From Publishers Weekly

Maps today strike us as fairly innocuous charts of the world. But 500 years ago, an era when political power and religious authority were in flux, maps were fraught with implications that made owning the "wrong" map a cause for execution. Into this world came Flemish mapmaker Gerard Mercator (1512–1594), whose new technique forged modern cartography as we know it. Mercator devised an ingenious compromise between accurately depicting the varying lengths of latitudinal circles between the poles and the equator and accurately depicting geographic details that is the basis for nearly all maps in use today.
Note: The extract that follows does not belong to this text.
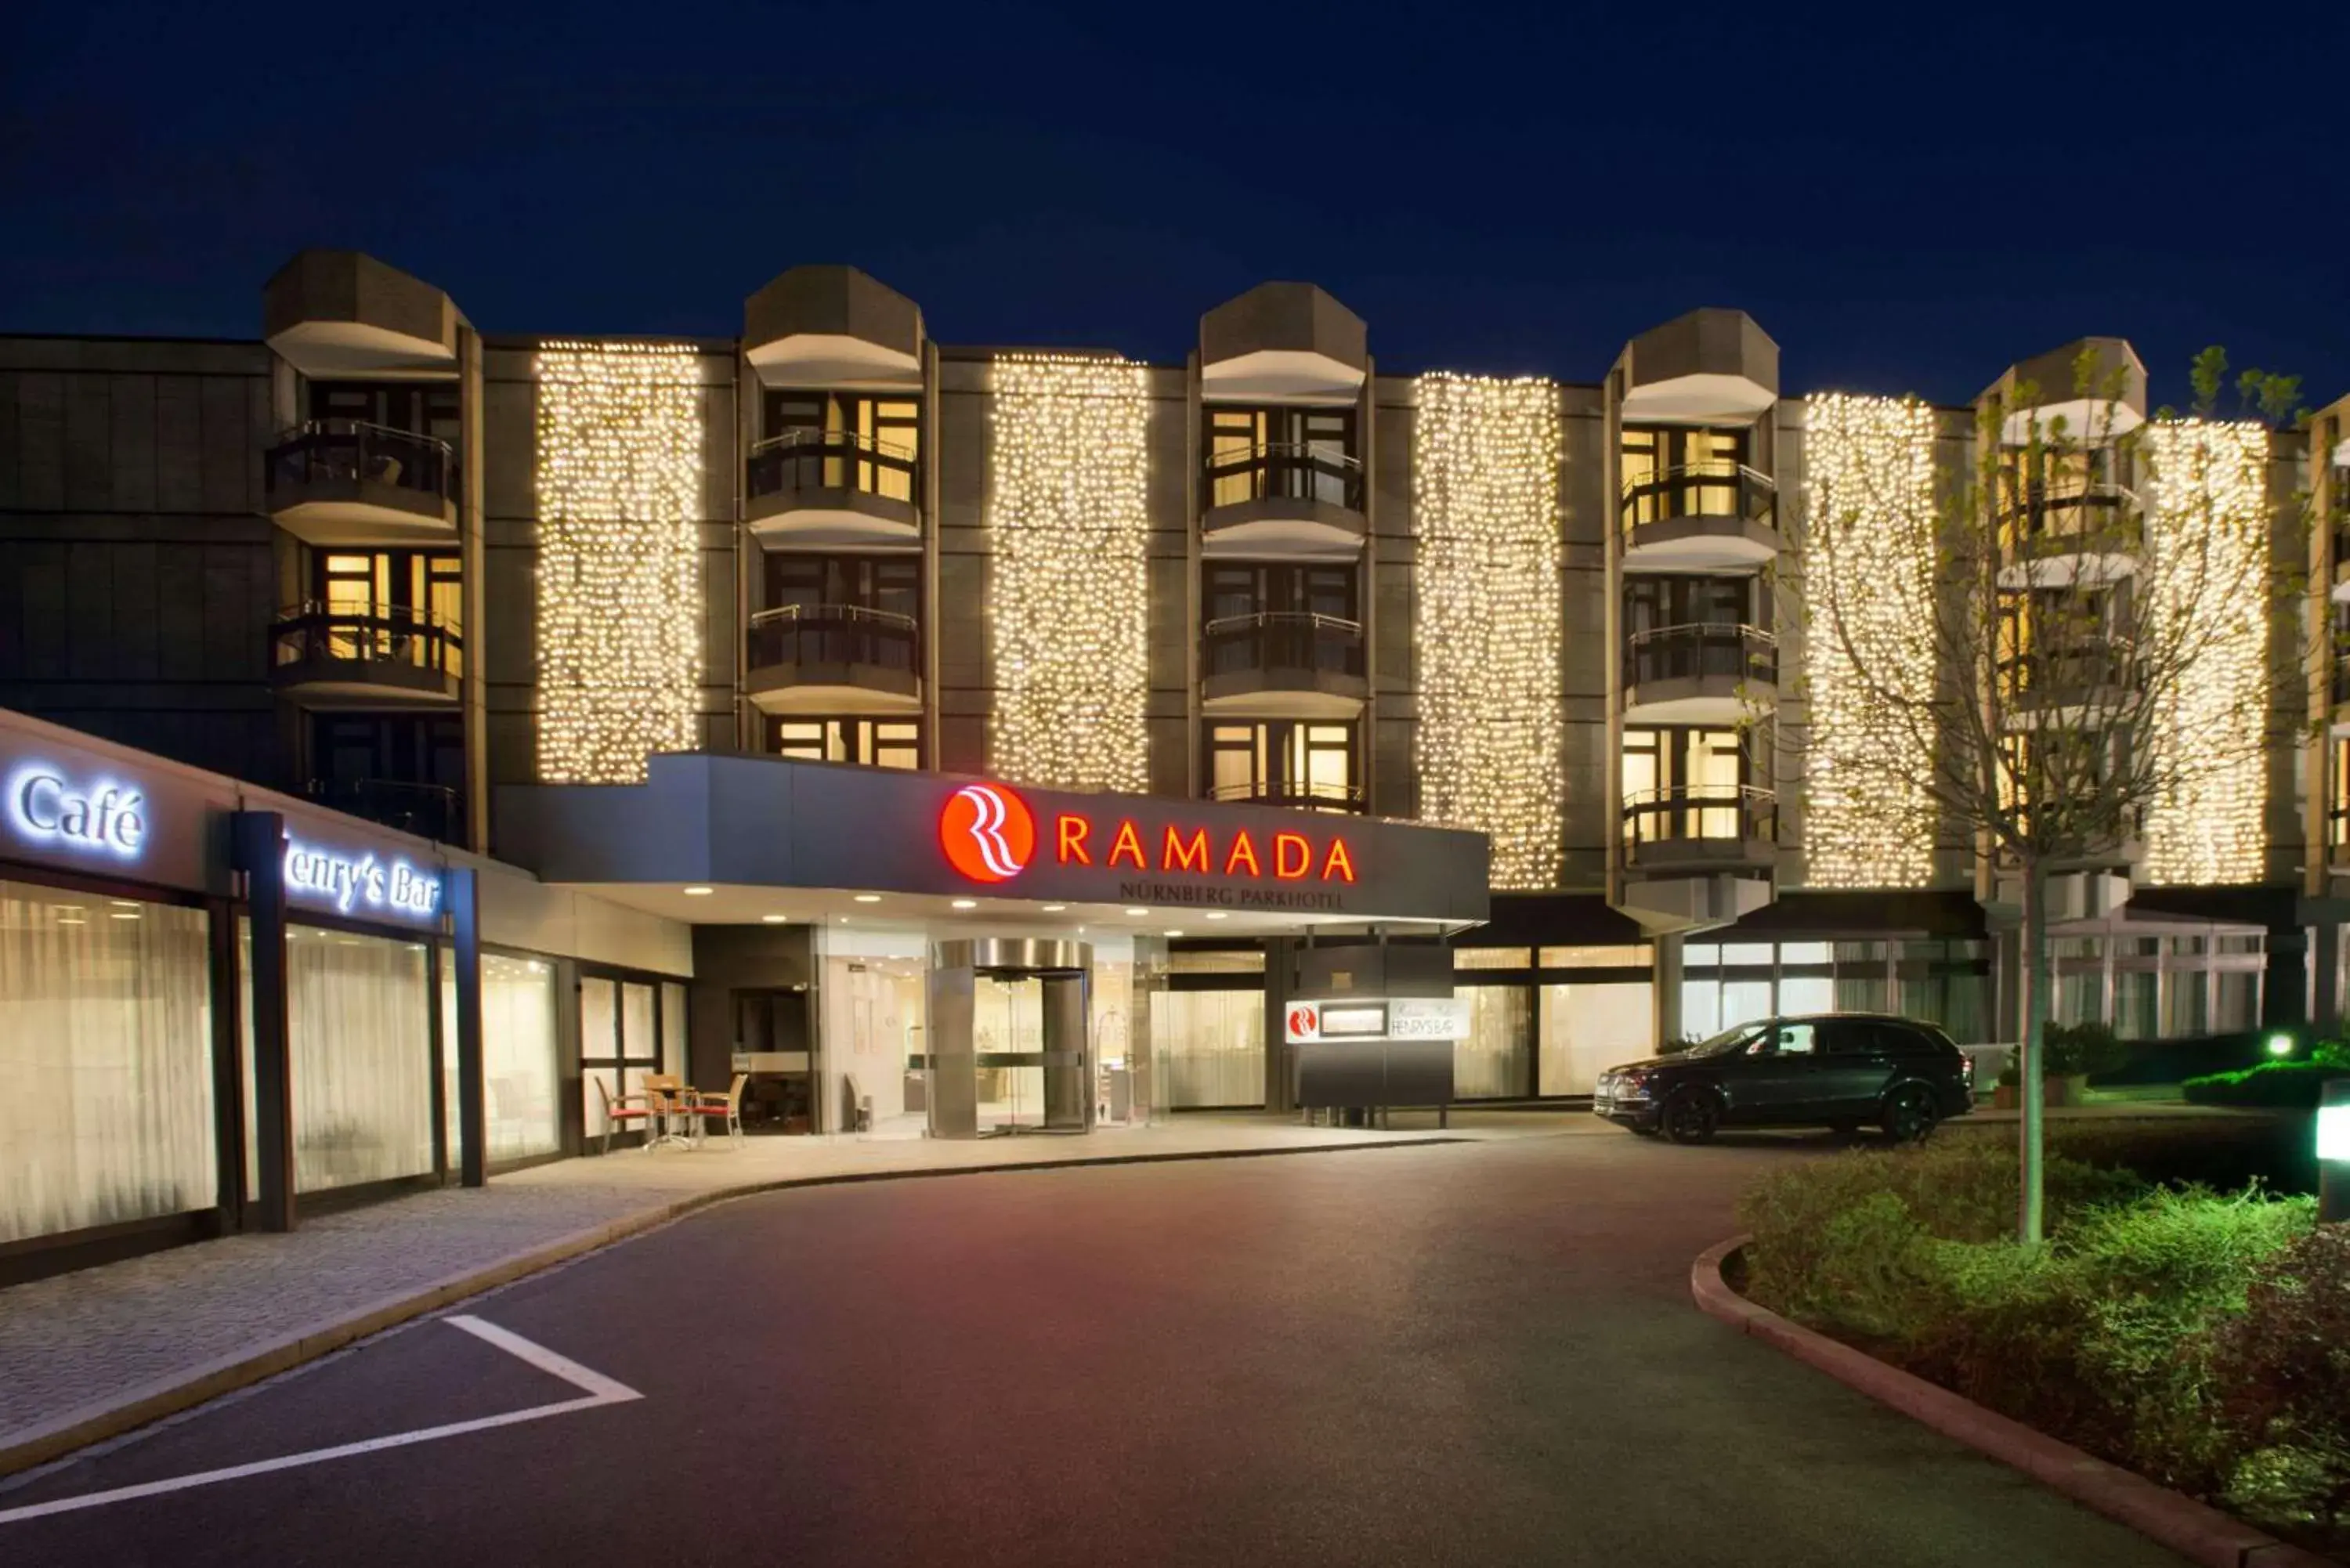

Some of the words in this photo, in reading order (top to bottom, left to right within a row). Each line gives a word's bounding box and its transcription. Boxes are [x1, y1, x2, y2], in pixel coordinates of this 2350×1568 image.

British historian Taylor (God's Fugitive) neatly surveys Mercator's invention along with the rest of his professional career, while delving into hardships caused by the Inquisition, which arrested him on suspicions of Lutheran heresy, and the bubonic plague, which touched his family. The background material on 16th-century exploration and European politics is effectively presented, helping readers to understand how Mercator was able to successfully navigate a web of political intrigues. Taylor also discusses modern attempts to "correct" various distortions in the comparative sizes of major land masses. This occasionally lively chronicle should appeal to a core audience of history and geography buffs. 40 b&w illus. and 7 maps.
Copyright © Reed Business Information, a division of Reed Elsevier Inc. All rights reserved.

From Booklist

Mercator's physical world in the 1500s was small: raised in modern-day Belgium, he lived and worked in Duisburg in modern Germany, and never put to sea. Historically, though, his times were large: voyages of discovery extended horizons and stoked imperial competitions while the Reformation upset faiths and lives--including Mercator's own. As readers might recall from a comparable recent biography (Nicholas Crane's Mercator, 2003), the Inquisition imprisoned Mercator but released him after a strenuous appeal by his "doughty" wife, as biographer Taylor describes Barbe. This incident is an example of Taylor's psychological approach to his subject. Inferring Mercator's traits from the handful of surviving comments about his personality, Taylor portrays a man of native caution and natural affability who was as esteemed in his time as he is famous in ours for the Mercator projection. Clarifying the technique's superiority to preceding methods of flattening out a curved surface, and chronicling the globes and maps Mercator produced, Taylor delivers a ready and readable understanding of Mercator in his intellectual and religio-political contexts. Gilbert Taylor
Copyright © American Library Association. All rights reserved

Product Details

  • Hardcover: 272 pages
  • Publisher: Walker & Company; First Printing edition (November 1, 2004)
  • Language: English
  • ISBN-10: 0802713777
  • ISBN-13: 978-0802713773
  • Product Dimensions: 7.9 x 5.7 x 1.4 inches
  • Shipping Weight: 13.6 ounces (View shipping rates and policies)
  • Average Customer Review: 4.7 out of 5 stars  See all reviews (3 customer reviews)
  • Amazon Best Sellers Rank: #1,356,724 in Books (See Top 100 in Books)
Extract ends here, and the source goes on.